-- Exercise materials follows --
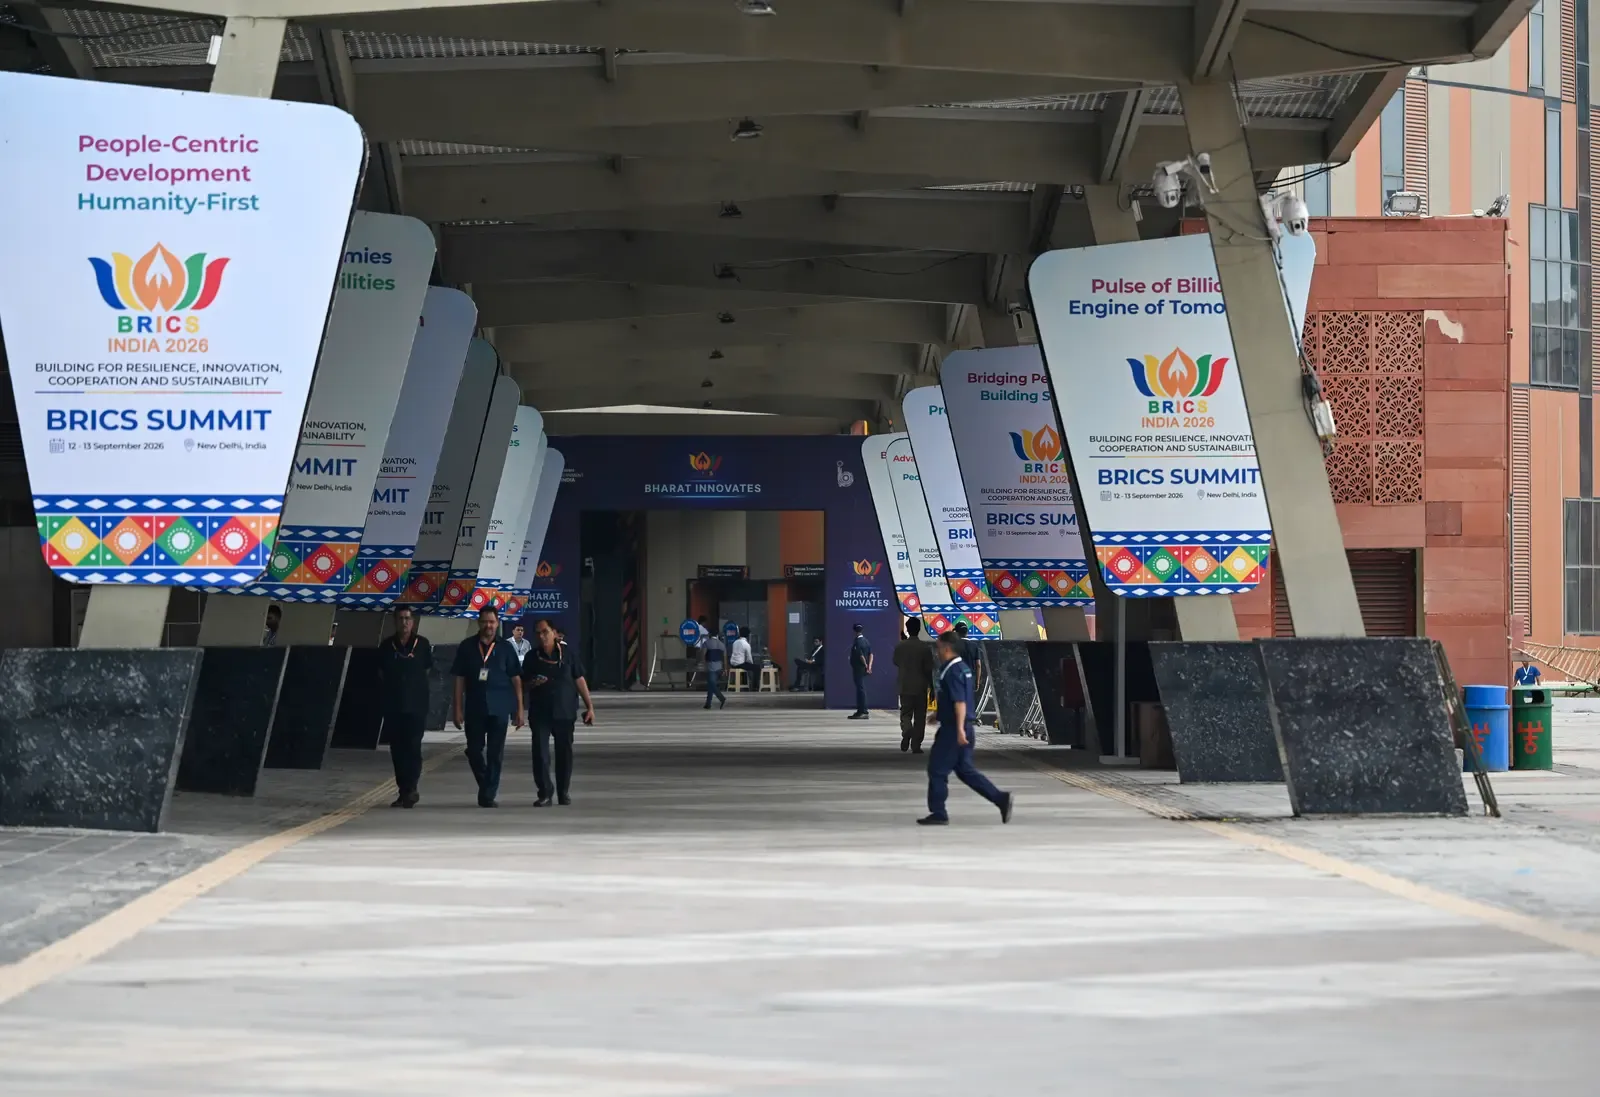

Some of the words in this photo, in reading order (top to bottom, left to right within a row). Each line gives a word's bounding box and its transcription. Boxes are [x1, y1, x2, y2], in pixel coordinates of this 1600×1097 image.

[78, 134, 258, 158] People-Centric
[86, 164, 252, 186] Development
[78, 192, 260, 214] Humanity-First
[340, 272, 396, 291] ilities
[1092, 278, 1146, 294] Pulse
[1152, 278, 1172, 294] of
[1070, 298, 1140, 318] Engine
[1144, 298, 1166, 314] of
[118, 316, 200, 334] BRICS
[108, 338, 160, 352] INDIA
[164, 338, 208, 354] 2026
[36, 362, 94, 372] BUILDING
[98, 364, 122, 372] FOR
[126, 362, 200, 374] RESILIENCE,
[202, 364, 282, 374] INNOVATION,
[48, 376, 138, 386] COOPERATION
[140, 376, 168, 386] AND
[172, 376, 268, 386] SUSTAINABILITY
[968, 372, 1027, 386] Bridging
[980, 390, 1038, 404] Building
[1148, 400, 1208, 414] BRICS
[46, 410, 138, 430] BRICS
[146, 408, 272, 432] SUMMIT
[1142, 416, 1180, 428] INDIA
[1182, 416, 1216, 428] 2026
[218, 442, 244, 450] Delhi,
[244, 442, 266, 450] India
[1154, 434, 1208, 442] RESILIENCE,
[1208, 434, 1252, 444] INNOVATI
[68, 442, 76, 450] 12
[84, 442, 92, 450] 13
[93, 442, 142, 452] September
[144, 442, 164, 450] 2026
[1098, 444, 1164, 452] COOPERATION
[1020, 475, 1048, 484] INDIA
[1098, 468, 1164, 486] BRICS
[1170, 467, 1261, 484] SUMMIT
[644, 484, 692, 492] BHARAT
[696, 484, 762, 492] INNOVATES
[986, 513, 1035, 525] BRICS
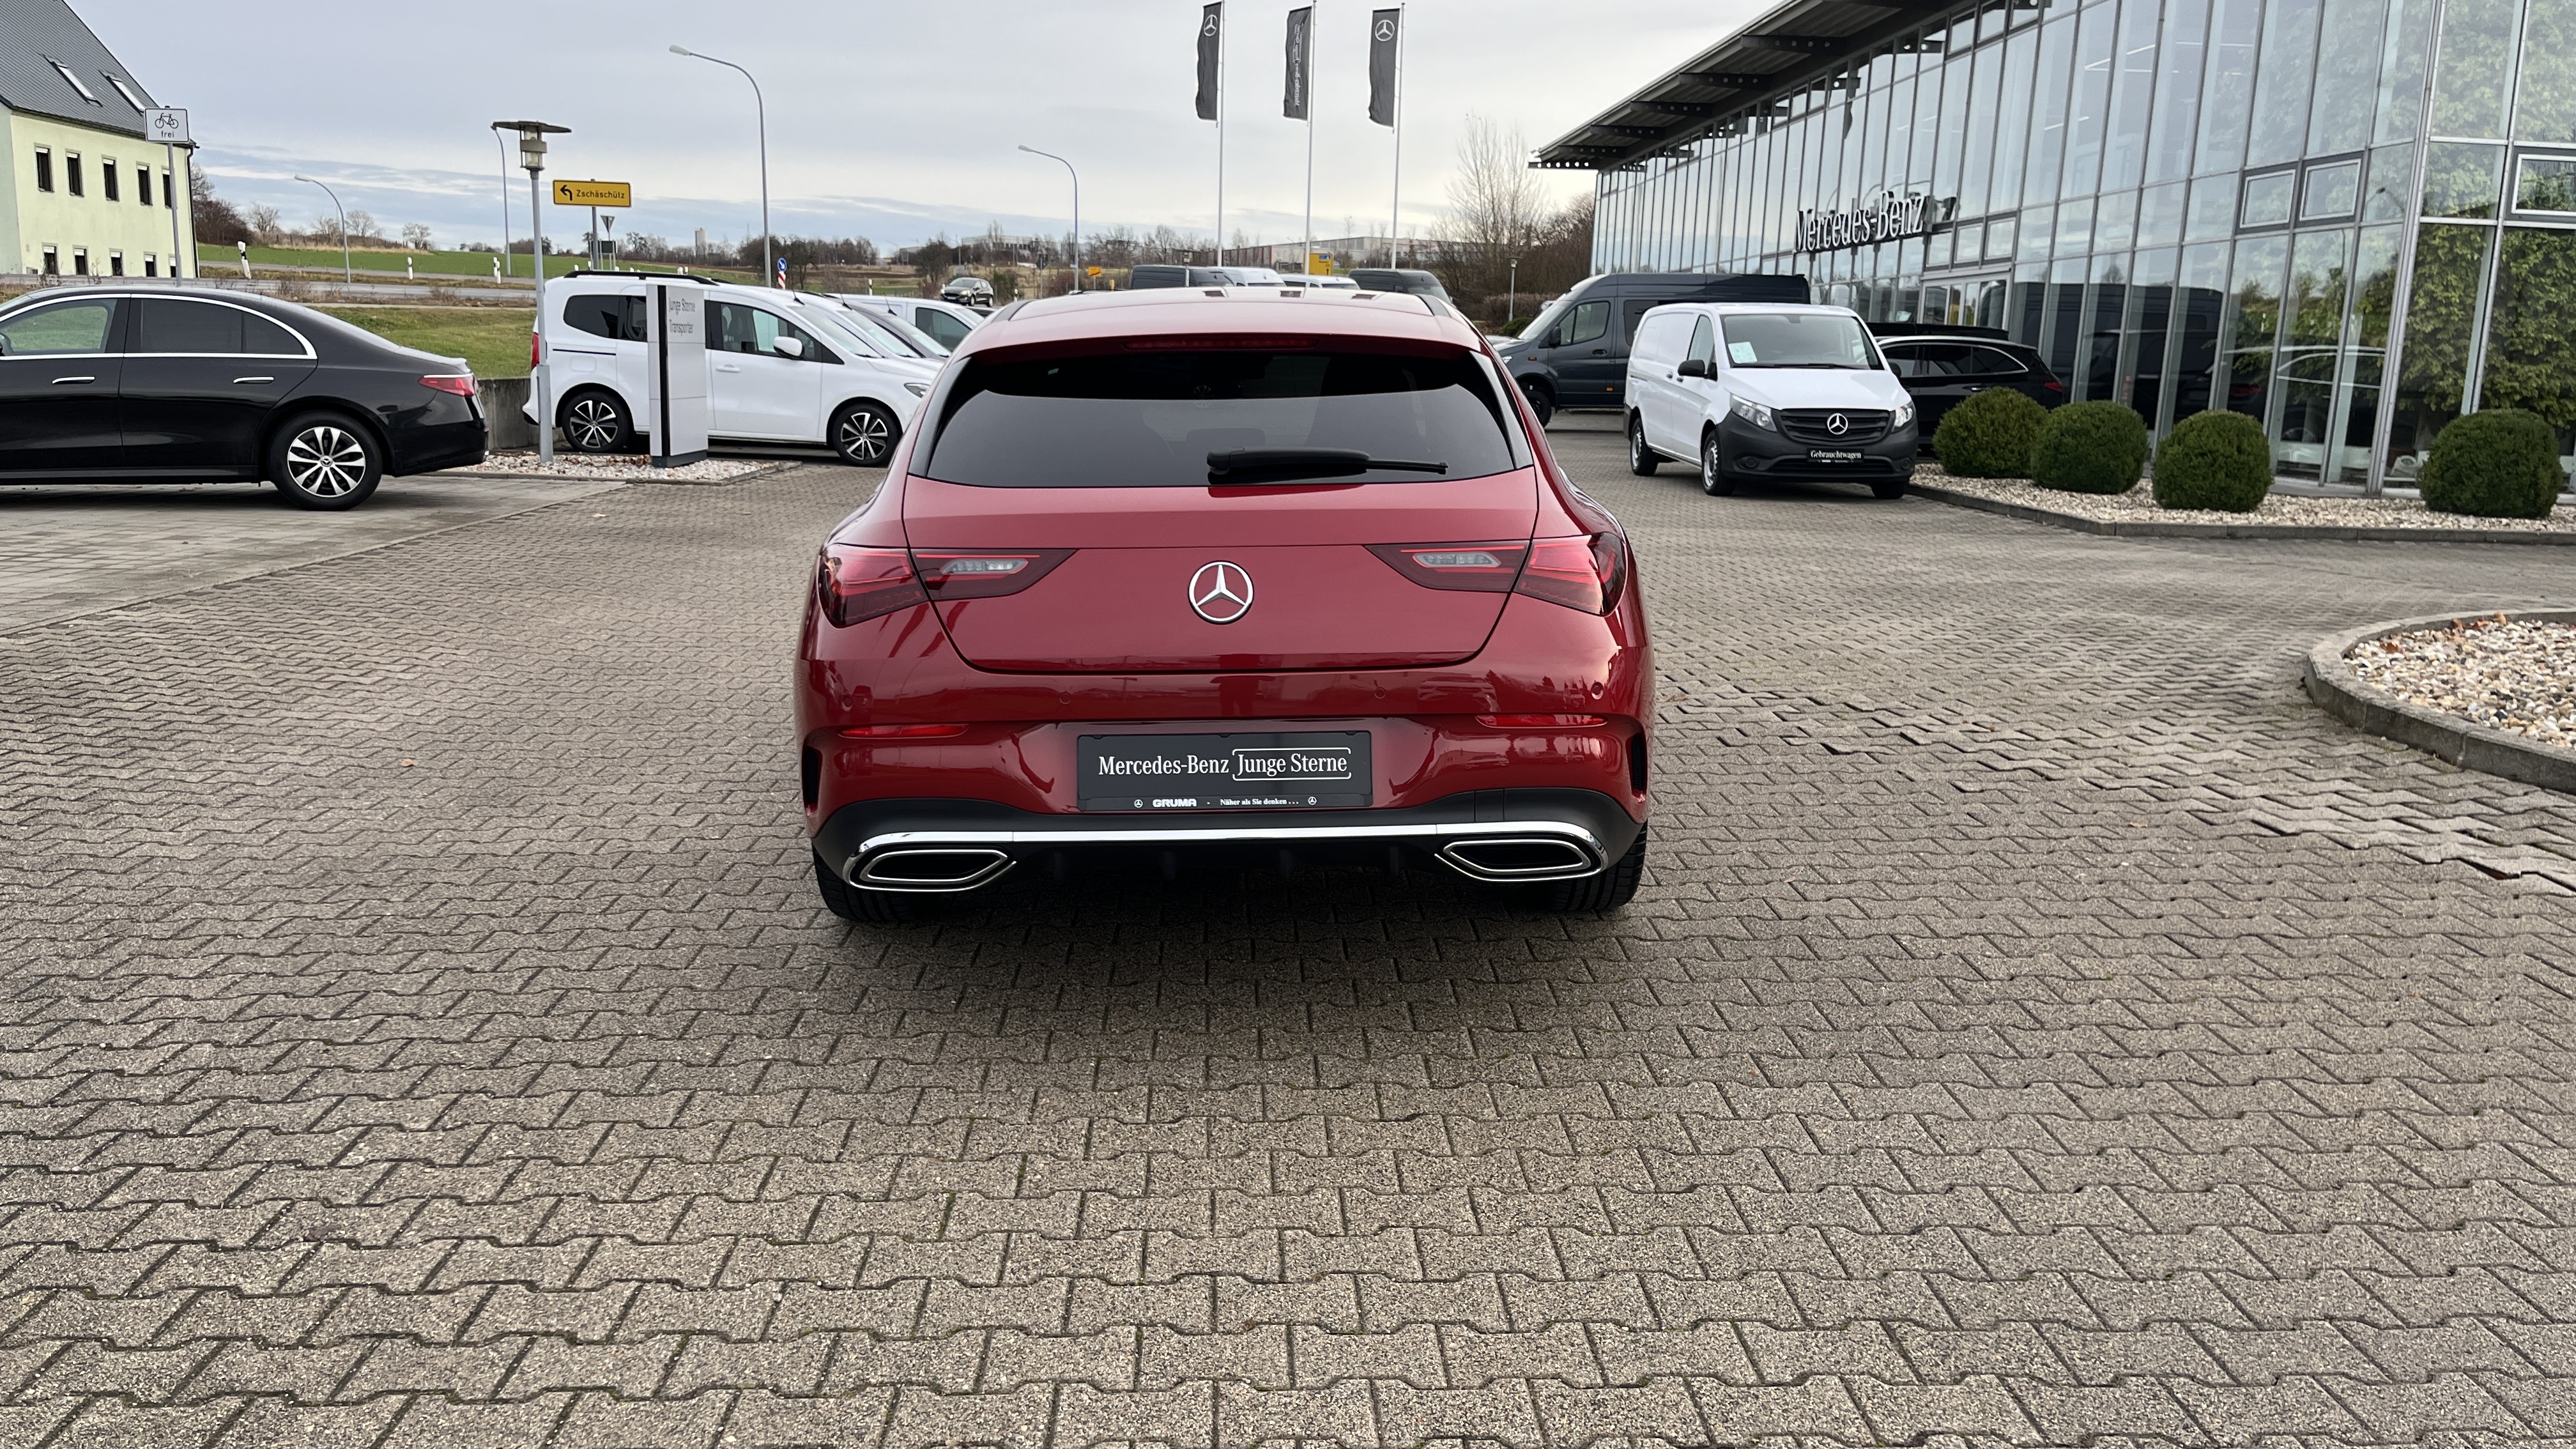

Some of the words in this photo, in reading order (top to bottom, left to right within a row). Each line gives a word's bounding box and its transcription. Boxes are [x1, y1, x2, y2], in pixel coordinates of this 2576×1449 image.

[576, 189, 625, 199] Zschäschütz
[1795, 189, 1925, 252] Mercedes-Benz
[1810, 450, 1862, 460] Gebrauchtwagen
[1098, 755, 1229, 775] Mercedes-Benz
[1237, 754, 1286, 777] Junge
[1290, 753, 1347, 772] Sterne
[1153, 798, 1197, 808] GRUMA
-- Exercise materials concluded --
Description of the task - When an image appears in the data, skip it and output the rest exactly.

Answer box -
Some of the words in this photo, in reading order (top to bottom, left to right within a row). Each line gives a word's bounding box and its transcription. Boxes are [x1, y1, x2, y2], in pixel coordinates of this 1600×1097 image.

[78, 134, 258, 158] People-Centric
[86, 164, 252, 186] Development
[78, 192, 260, 214] Humanity-First
[340, 272, 396, 291] ilities
[1092, 278, 1146, 294] Pulse
[1152, 278, 1172, 294] of
[1070, 298, 1140, 318] Engine
[1144, 298, 1166, 314] of
[118, 316, 200, 334] BRICS
[108, 338, 160, 352] INDIA
[164, 338, 208, 354] 2026
[36, 362, 94, 372] BUILDING
[98, 364, 122, 372] FOR
[126, 362, 200, 374] RESILIENCE,
[202, 364, 282, 374] INNOVATION,
[48, 376, 138, 386] COOPERATION
[140, 376, 168, 386] AND
[172, 376, 268, 386] SUSTAINABILITY
[968, 372, 1027, 386] Bridging
[980, 390, 1038, 404] Building
[1148, 400, 1208, 414] BRICS
[46, 410, 138, 430] BRICS
[146, 408, 272, 432] SUMMIT
[1142, 416, 1180, 428] INDIA
[1182, 416, 1216, 428] 2026
[218, 442, 244, 450] Delhi,
[244, 442, 266, 450] India
[1154, 434, 1208, 442] RESILIENCE,
[1208, 434, 1252, 444] INNOVATI
[68, 442, 76, 450] 12
[84, 442, 92, 450] 13
[93, 442, 142, 452] September
[144, 442, 164, 450] 2026
[1098, 444, 1164, 452] COOPERATION
[1020, 475, 1048, 484] INDIA
[1098, 468, 1164, 486] BRICS
[1170, 467, 1261, 484] SUMMIT
[644, 484, 692, 492] BHARAT
[696, 484, 762, 492] INNOVATES
[986, 513, 1035, 525] BRICS

Some of the words in this photo, in reading order (top to bottom, left to right within a row). Each line gives a word's bounding box and its transcription. Boxes are [x1, y1, x2, y2], in pixel coordinates of this 2576×1449 image.

[576, 189, 625, 199] Zschäschütz
[1795, 189, 1925, 252] Mercedes-Benz
[1810, 450, 1862, 460] Gebrauchtwagen
[1098, 755, 1229, 775] Mercedes-Benz
[1237, 754, 1286, 777] Junge
[1290, 753, 1347, 772] Sterne
[1153, 798, 1197, 808] GRUMA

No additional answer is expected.